If not, what's the goal of the complaints? I.e. why do you keep bringing this up if you know this is water under the bridge?
I'm a github user, though I wouldn't call myself a fan exactly, and I don't really know how "teams" works or why it's valuable. I came to this thread to learn more, and I find your comments grousing about Atom again. Hence my question.
I looked through my own post history and it looks like I did reply in a thread about this topic a while ago: https://news.ycombinator.com/item?id=22606843
(same thread that I linked above)
I can only speak for myself as to why I posted here. And I really just want an answer for the question I posted (I'm not naive enough to believe a post like this has any chance of changing project priorities at a megacorp). I wrote about this in a bit more detail here: https://news.ycombinator.com/item?id=22875388
And judging from the upvotes, a decent number of people want the same question answered. If you don't care about the answer, my recommendation would be to simply collapse the thread, downvote if you must, and move on.
I'm honestly puzzled as to why so many people seem to be actually offended by the very fact that I'm asking the question, and even seem to be taking it somewhat personally, even though it's not directed at anyone other than the OP.
Comment quality and civility has dropped in the last few months.
I don't use or even like Atom but if this natfriedman says it will be continue to be supported post-merger, then it isn't, then he needs to clear the air.
Mostly I'm curious, just like you. You're curious "what happened to Atom development", I'm curious why people bring this question up over and over on unrelated GH threads when they already seem to know the answer–to wit: active feature development on Atom by Github/MSFT has stopped and will not resume.
I don't see the point of derailing threads/starting editor flame wars over this question, but I am frequently missing some crucial point. So I ask: What am I missing? What's the point of these "what about atom!!" questions when you know the answer already?

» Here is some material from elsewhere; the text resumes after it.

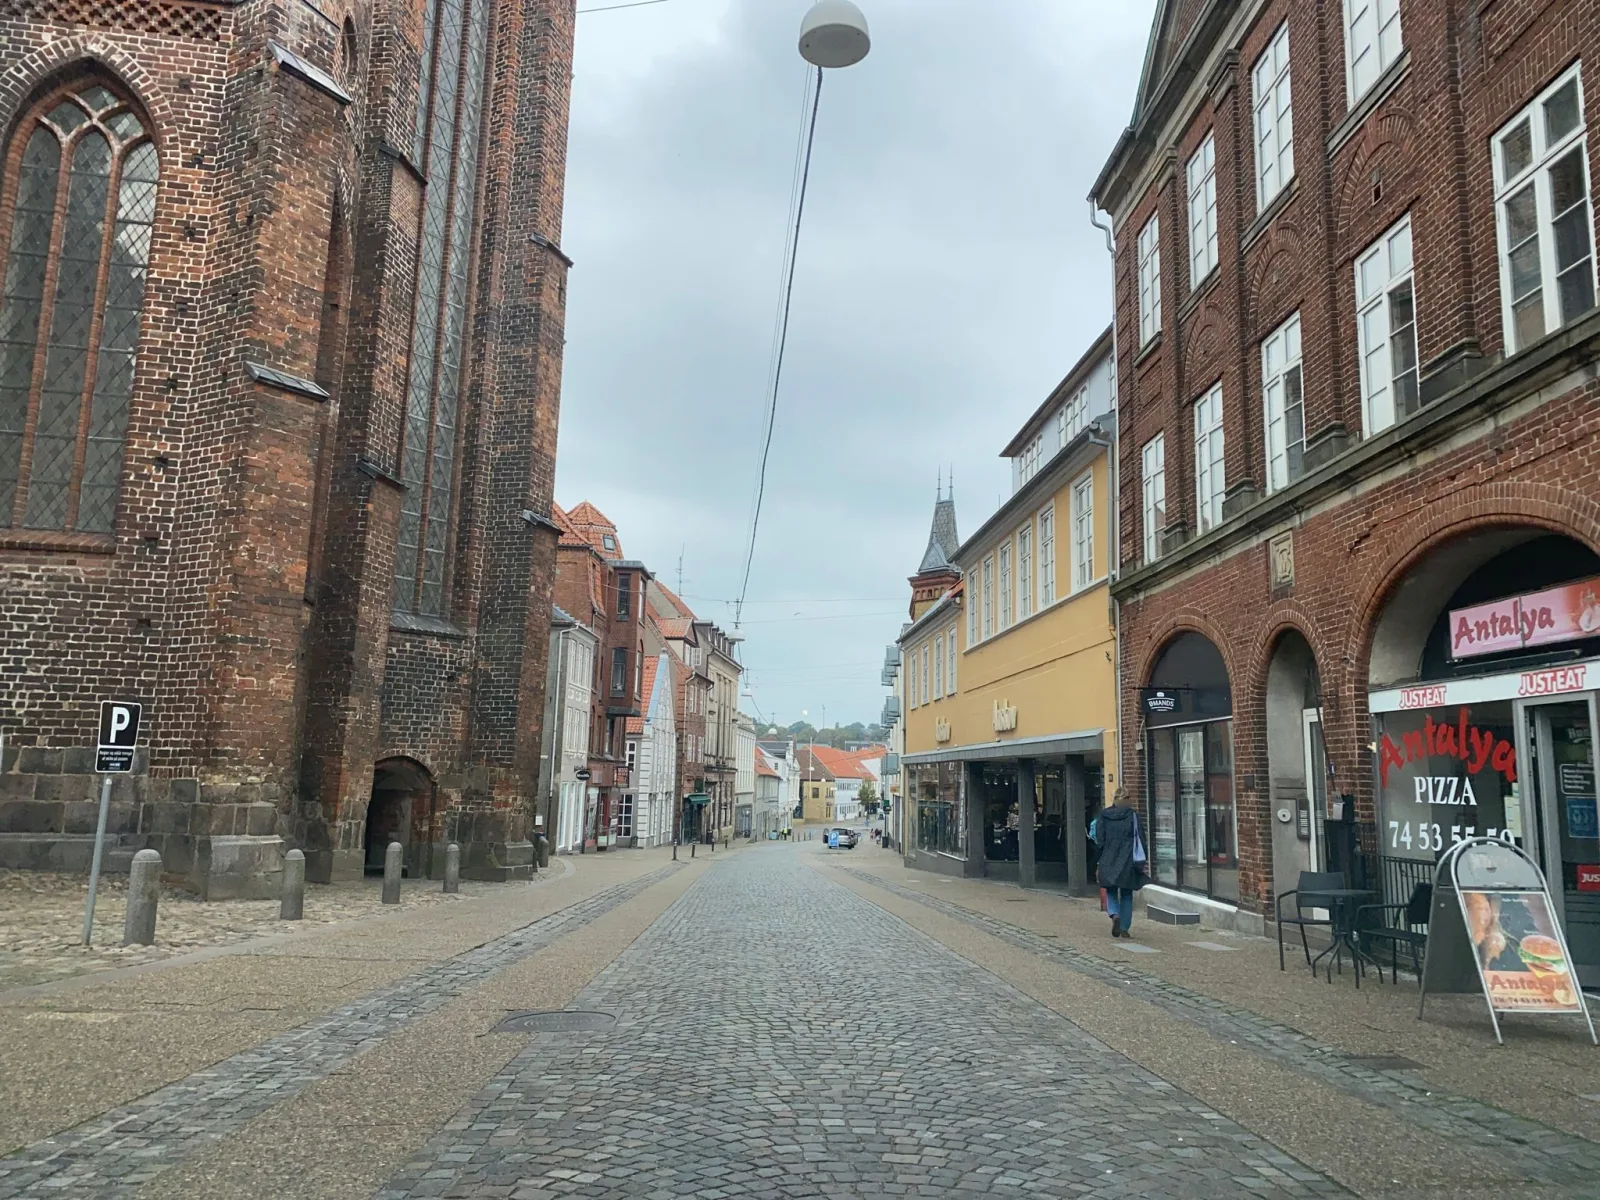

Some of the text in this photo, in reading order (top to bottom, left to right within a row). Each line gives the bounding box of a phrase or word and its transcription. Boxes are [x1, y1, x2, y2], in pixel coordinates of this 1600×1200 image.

These are the actual questions I'm trying to get at:
What made Github/MSFT stop funding Atom development when their CEO went on record to say they won't?
And why haven't they announced that was the case officially?
If the very same CEO then goes on an AMA on Hacker News, surely it's fair game hold him accountable to previous public statements and ask him to clear the air. If this was just some random scrub posting their thoughts on the acquisition I definitely wouldn't have wasted my time to bring this up.
> What made Github/MSFT stop funding Atom development when their CEO went on record to say they won't?
Because circumstances changed and it made no sense to continue to do this. Atom shrank as VSCode grew by leaps and bounds, there's no clear business case for continuing to develop a withering product.
> And why haven't they announced that was the case officially?
Why would they? Why go out of their way to print upsetting news (to some) in a 40pt headline, when the writing is already on the wall for anyone who cares to read it? i.e. what's the benefit to the company of doing this?
I think the better question for the Github CEO was "why did you ever promise to continue supporting Atom? You either knew this was not possible, or were making a promise you could not keep, either one is bad." And the answer to that is probably "to avoid creating a furor around cutting Atom off at the same time as the acquisition was announced." But yeah hearing him say that would be useful.